Text-to-region grounding data:
:::::

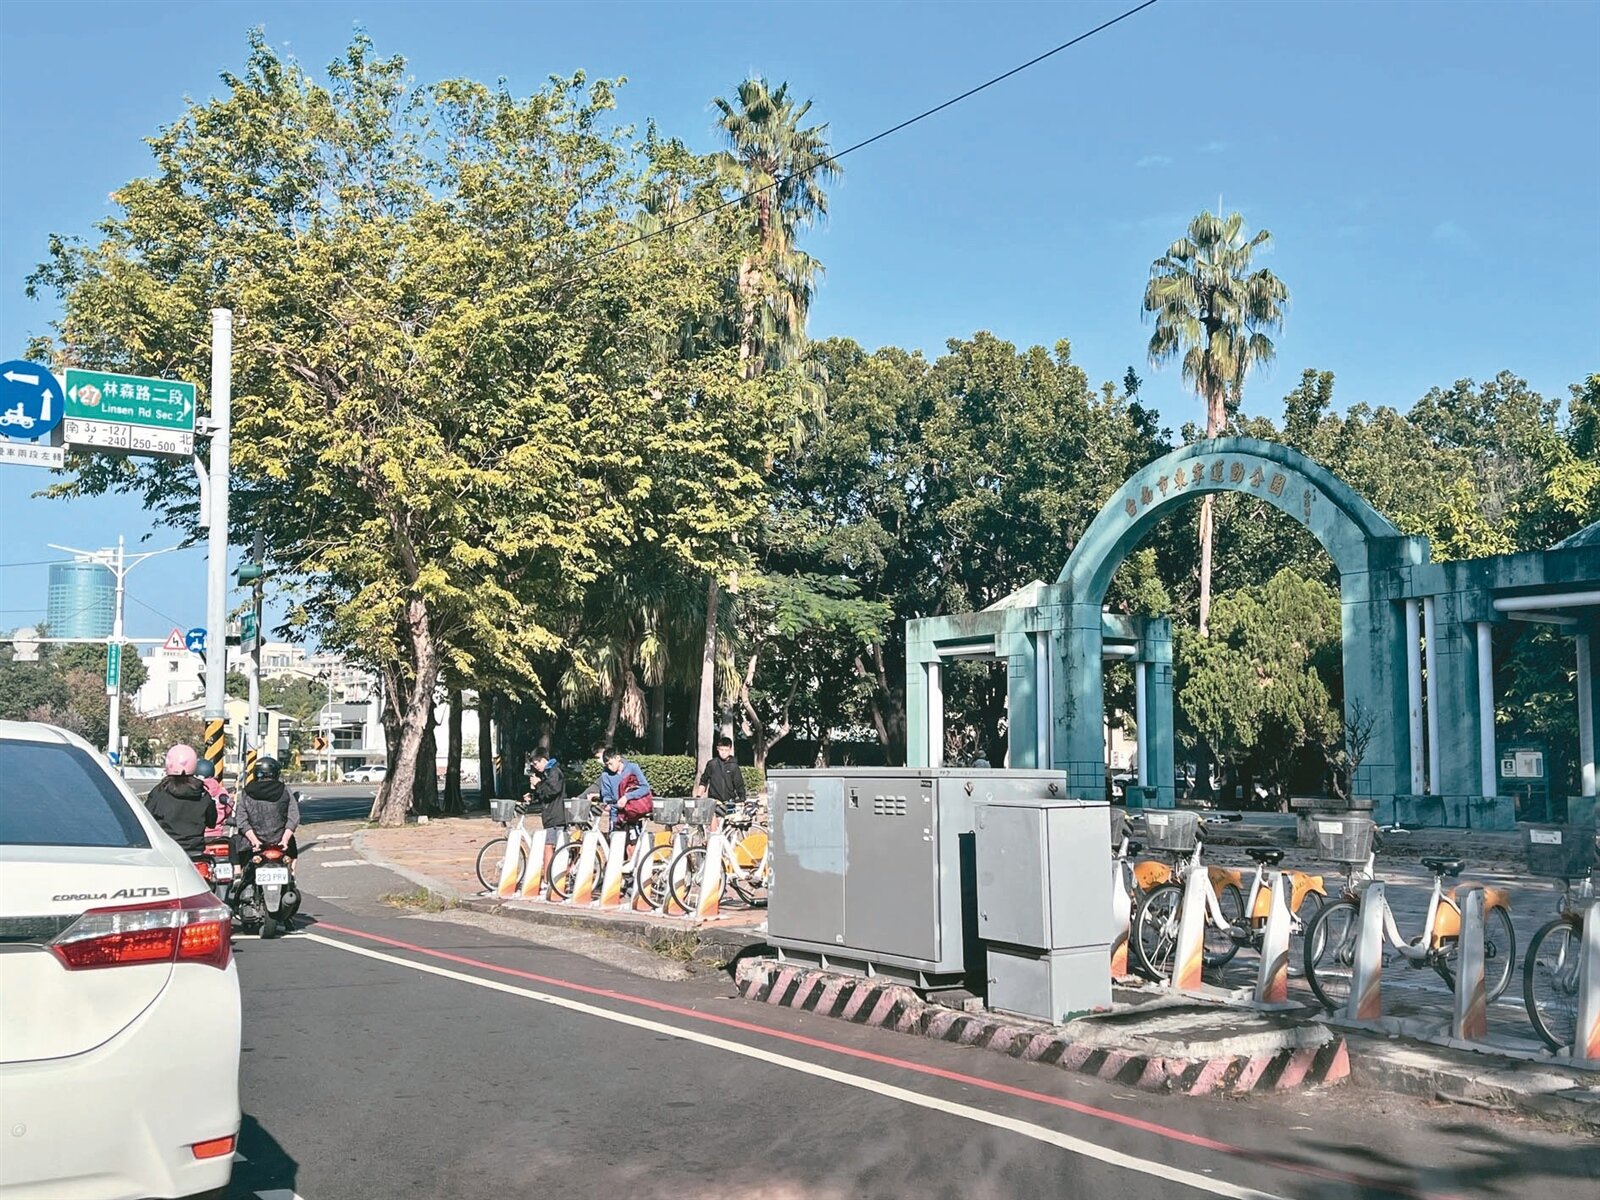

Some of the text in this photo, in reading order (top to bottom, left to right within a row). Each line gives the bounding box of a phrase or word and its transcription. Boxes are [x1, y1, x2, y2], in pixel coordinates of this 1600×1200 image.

[102, 380, 184, 406] 林森路二段
[101, 403, 134, 417] Linsen
[138, 407, 151, 418] Rd
[51, 886, 171, 902] COROLLA ALTIS
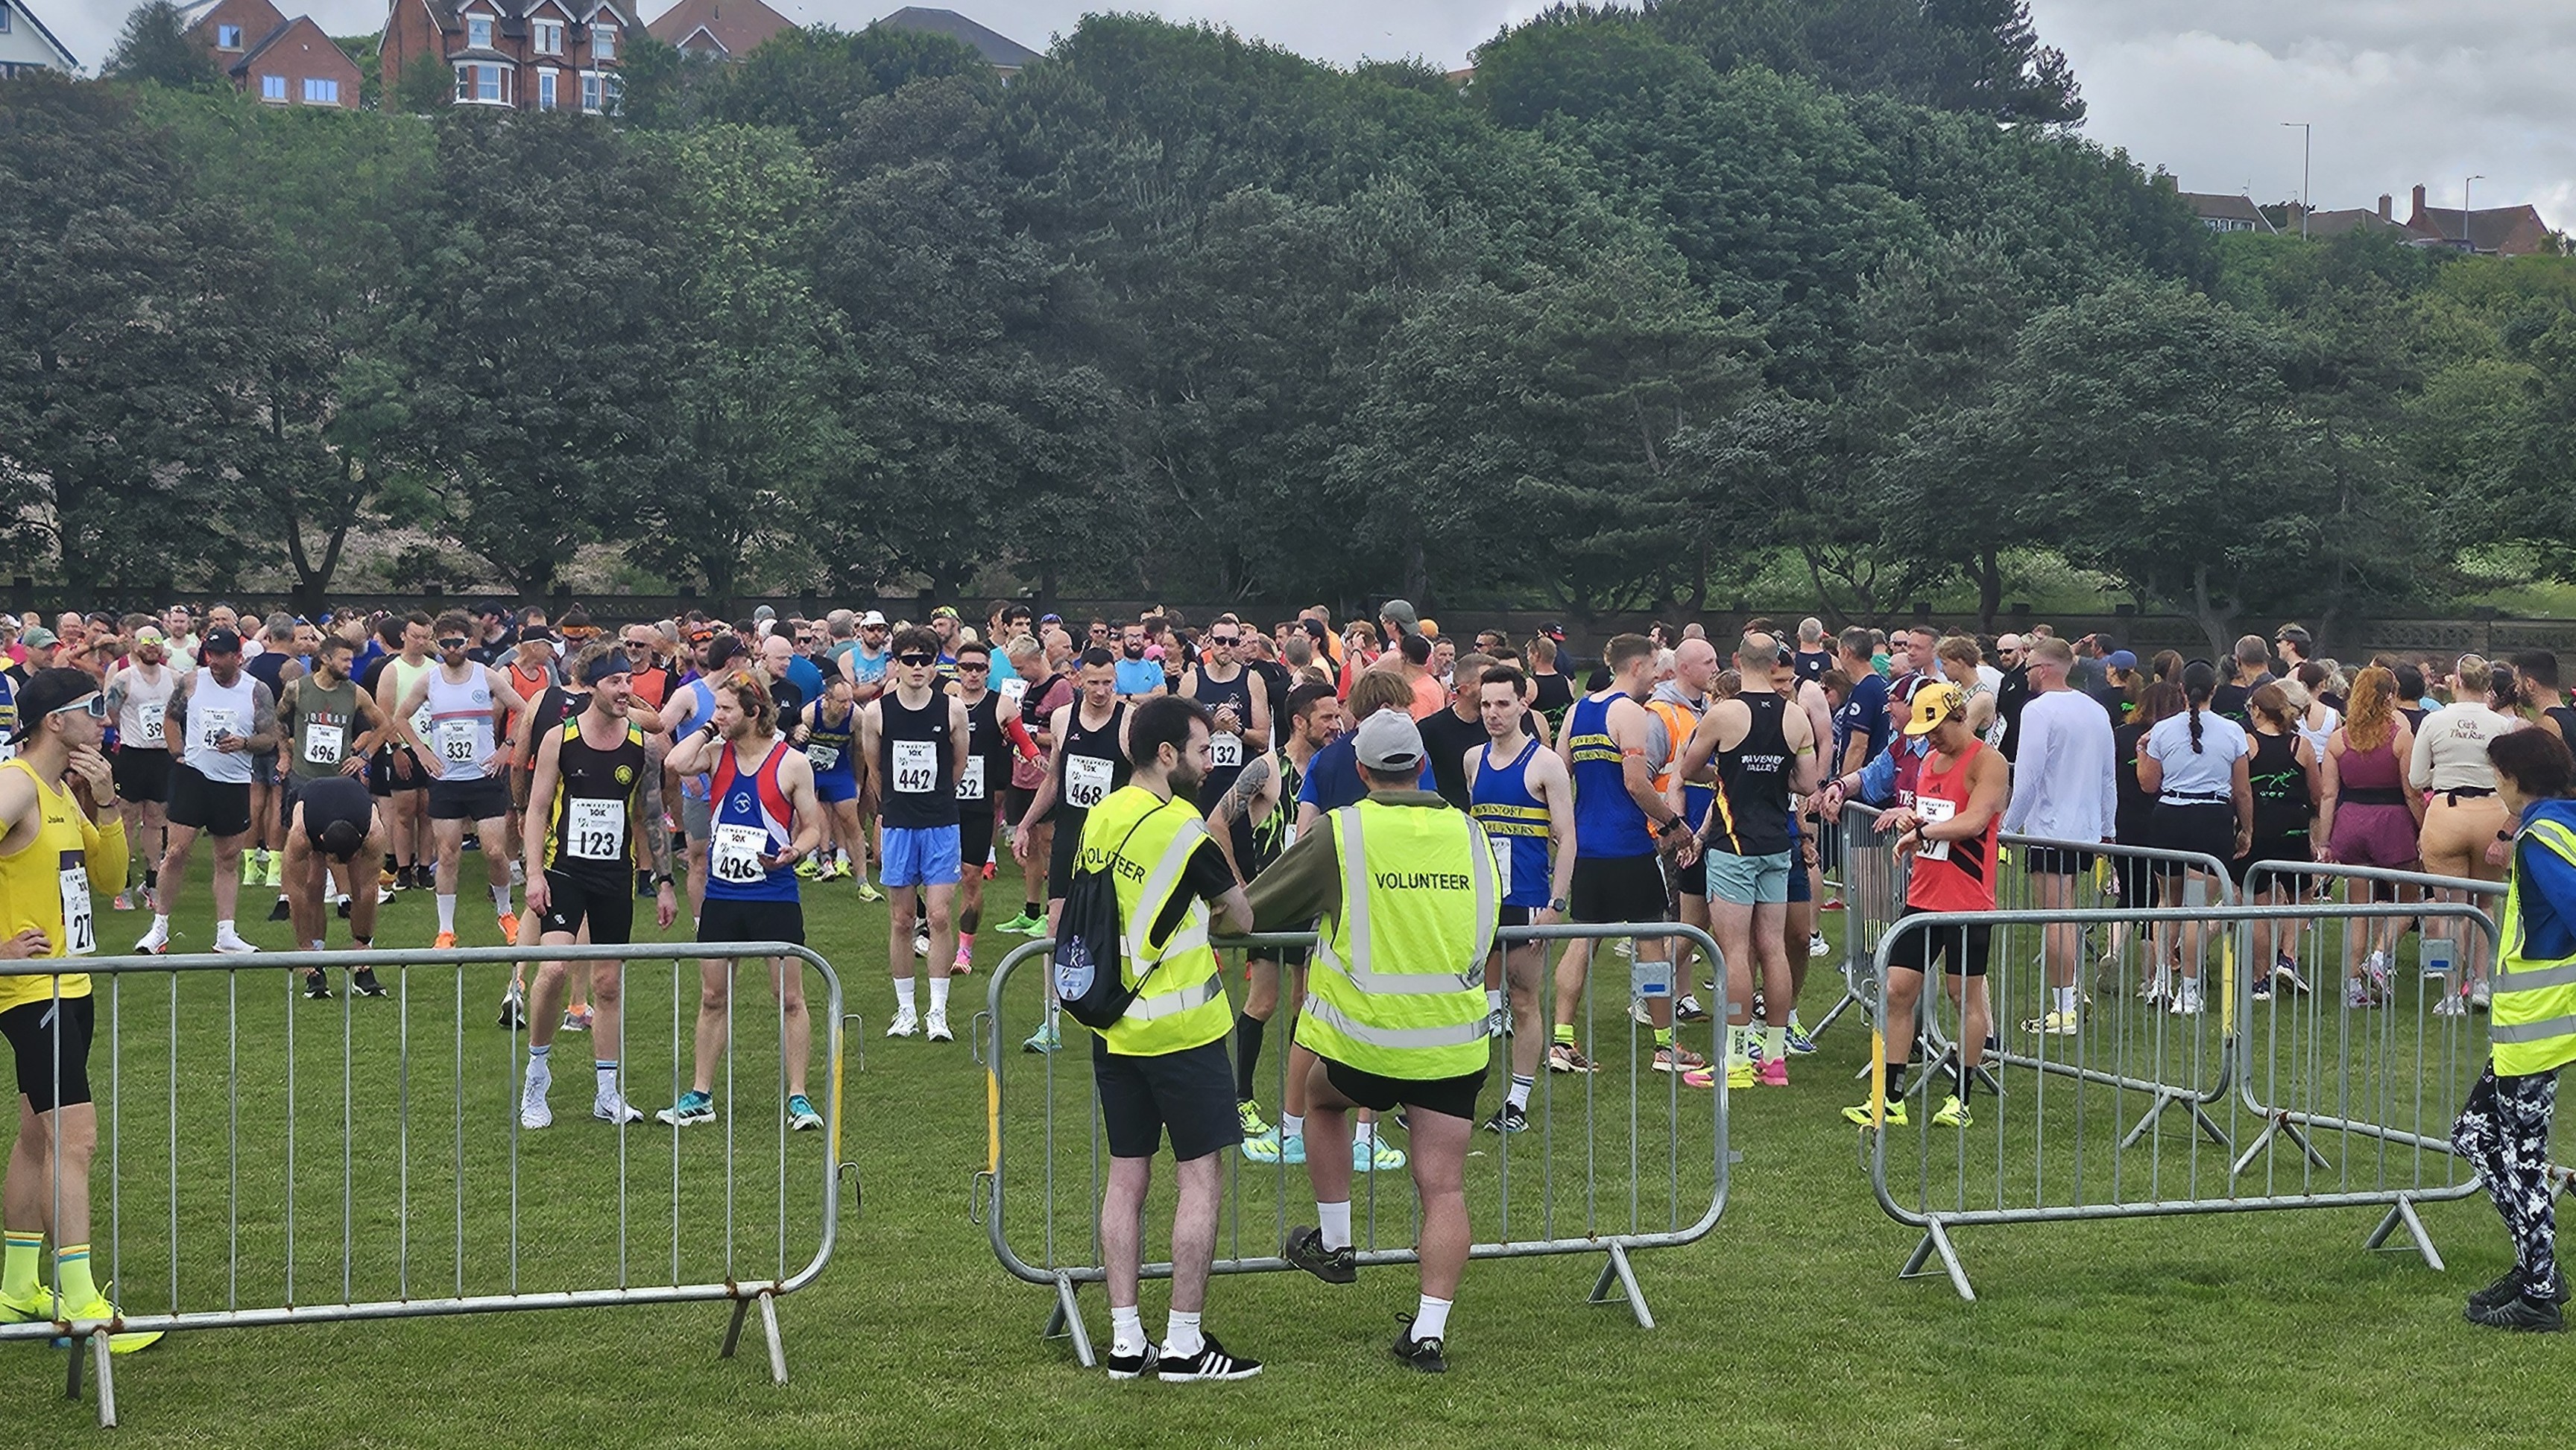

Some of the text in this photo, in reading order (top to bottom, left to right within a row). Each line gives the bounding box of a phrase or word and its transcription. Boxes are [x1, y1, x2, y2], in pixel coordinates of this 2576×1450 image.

[311, 744, 335, 762] 496
[446, 741, 473, 759] 332
[1211, 746, 1235, 764] 132
[899, 769, 931, 790] 442
[1072, 784, 1102, 807] 468
[580, 832, 615, 856] 123
[719, 856, 757, 879] 426
[1375, 873, 1471, 890] VOLUNTEER

:::::

WHAT TO PRODUCE: The answer must be the data above, repeated exactly, with no pictures.

RESPONSE TO THE TASK:
Some of the text in this photo, in reading order (top to bottom, left to right within a row). Each line gives the bounding box of a phrase or word and its transcription. Boxes are [x1, y1, x2, y2], in pixel coordinates of this 1600×1200 image.

[102, 380, 184, 406] 林森路二段
[101, 403, 134, 417] Linsen
[138, 407, 151, 418] Rd
[51, 886, 171, 902] COROLLA ALTIS

Some of the text in this photo, in reading order (top to bottom, left to right within a row). Each line gives the bounding box of a phrase or word and its transcription. Boxes are [x1, y1, x2, y2], in pixel coordinates of this 2576×1450 image.

[311, 744, 335, 762] 496
[446, 741, 473, 759] 332
[1211, 746, 1235, 764] 132
[899, 769, 931, 790] 442
[1072, 784, 1102, 807] 468
[580, 832, 615, 856] 123
[719, 856, 757, 879] 426
[1375, 873, 1471, 890] VOLUNTEER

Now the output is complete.